Proof engine for coding-agent incident repair.
Coding agents can write code. That is no longer the hard part. The hard part is trust — in production, "the agent says it fixed it" is not enough. ReplayX is the trust layer: it runs a disciplined, evidence-gated incident repair loop and makes every step inspectable and replayable.
A bug report enters as a Slack mention, API call, or manual form submission. ReplayX runs a deterministic 8-phase pipeline:
Intake → Skill match → Repro → Diagnosis arena → Challenger validation → Fix arena → Review & regression → Postmortem & skill write
At every phase boundary, a strict JSON artifact is written to disk. No opaque agent traces. No unverified fix claims.
The diagnosis arena fans out 6 bounded Codex workers in parallel — each owns one failure domain (concurrency, auth, data shape, recent change, database, state handoff). Workers produce evidence citations and a falsification note. Weak theories are rejected by adversarial challenger gates before a fix path is selected.
The fix arena produces three bounded strategies (minimal, safe, durable). Each includes changed files, a verification command, a rollback note, and a score. The winning strategy must pass the regression proof plan before the run closes.
Phase 8 writes a postmortem, a replayable artifact bundle, and a skill.yaml — closing the feedback loop. The next similar incident finds it in Phase 2.

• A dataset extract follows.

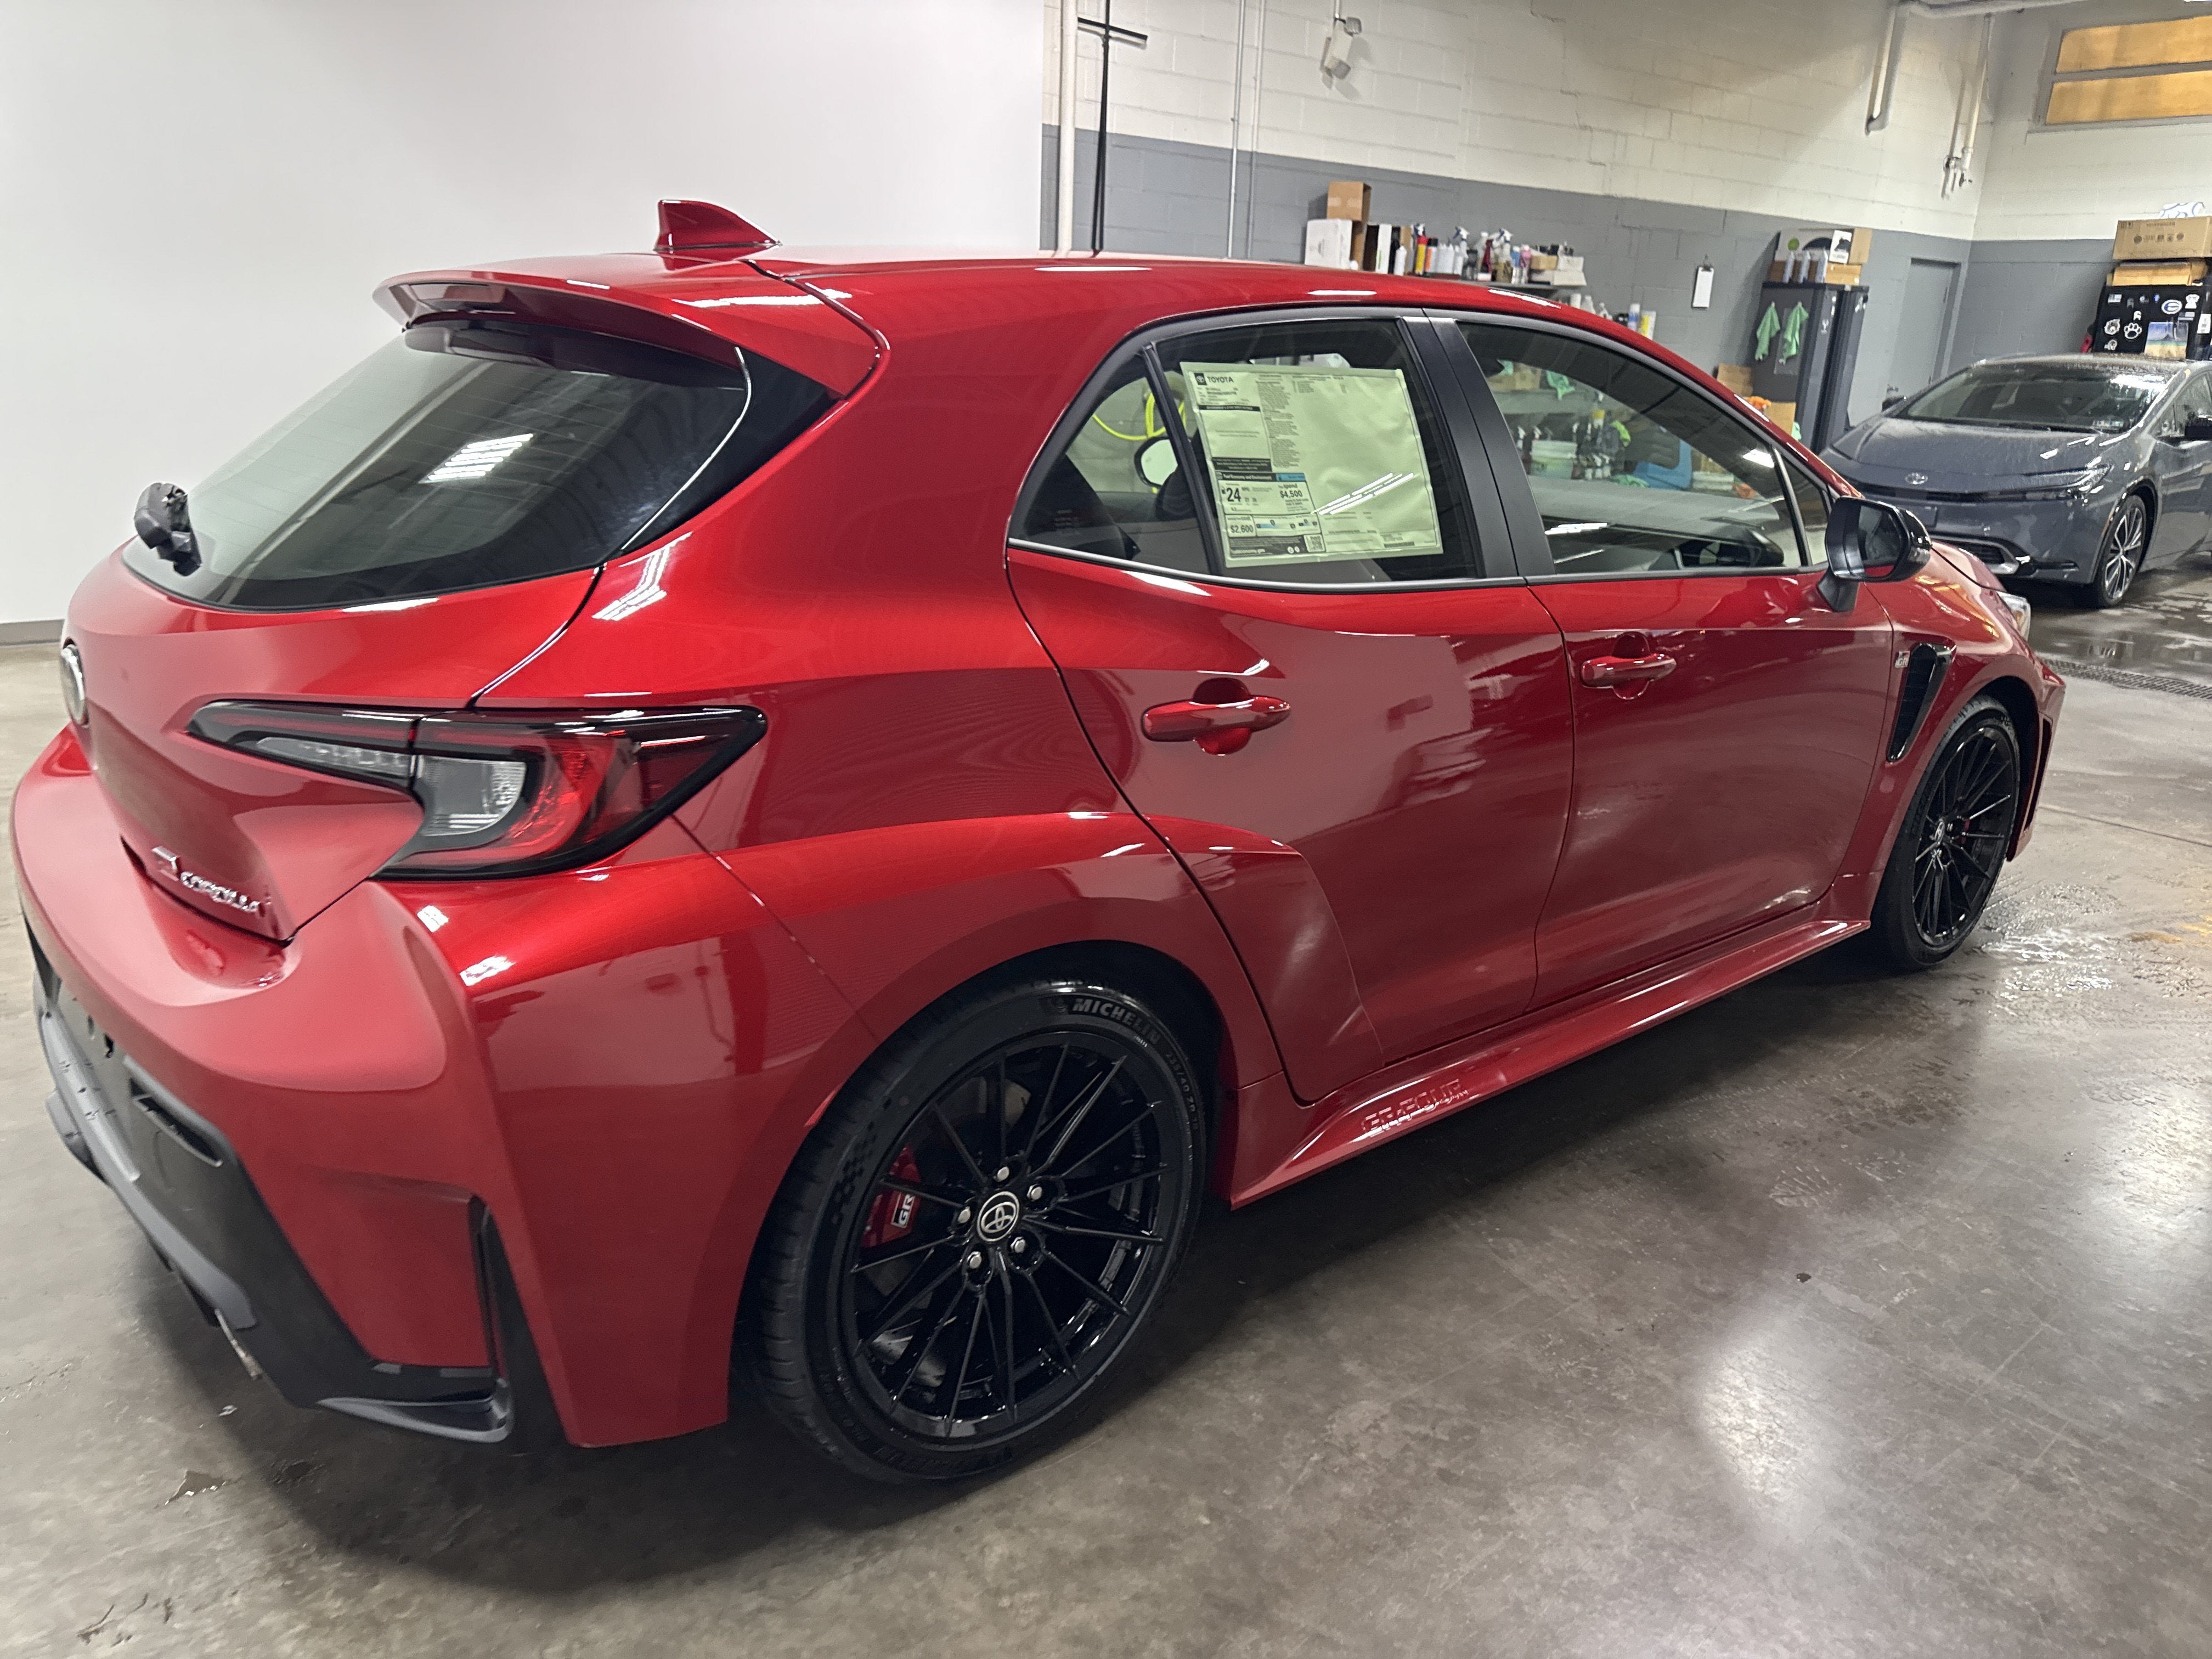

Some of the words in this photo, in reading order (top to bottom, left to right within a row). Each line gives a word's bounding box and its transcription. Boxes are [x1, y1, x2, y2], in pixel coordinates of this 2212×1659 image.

Full phase reference: PIPELINE.md
| Mode | Trigger | What happens |
|---|---|---|
| Realtime investigation | Fresh Slack/API/manual text | Validates, searches source, captures recent changes, writes an evidence packet. Stops before claiming an unvalidated patch. |
| Fixture/eval pipeline | Explicit fixture incidentId or pnpm golden-run |
Runs all 8 phases for a bundled incident class. Writes full artifact set including replay bundle and skill. |
Requirements: Node.js ≥ 24, pnpm ≥ 10. Codex/OpenAI auth only if you want live Codex workers.
# Install
pnpm install
pnpm --dir dashboard install
npm --prefix slack install
# Start (target app + dashboard)
pnpm dev:all| Service | URL |
|---|---|
| Target app | http://127.0.0.1:4311 |
| Dashboard | http://localhost:3001 |
Create a realtime incident:
curl -s -X POST http://localhost:3001/api/replayx/runs \
-H 'content-type: application/json' \
--data '{"source":"manual","text":"checkout is overselling stock during concurrent orders"}'Open the returned livePath in your browser.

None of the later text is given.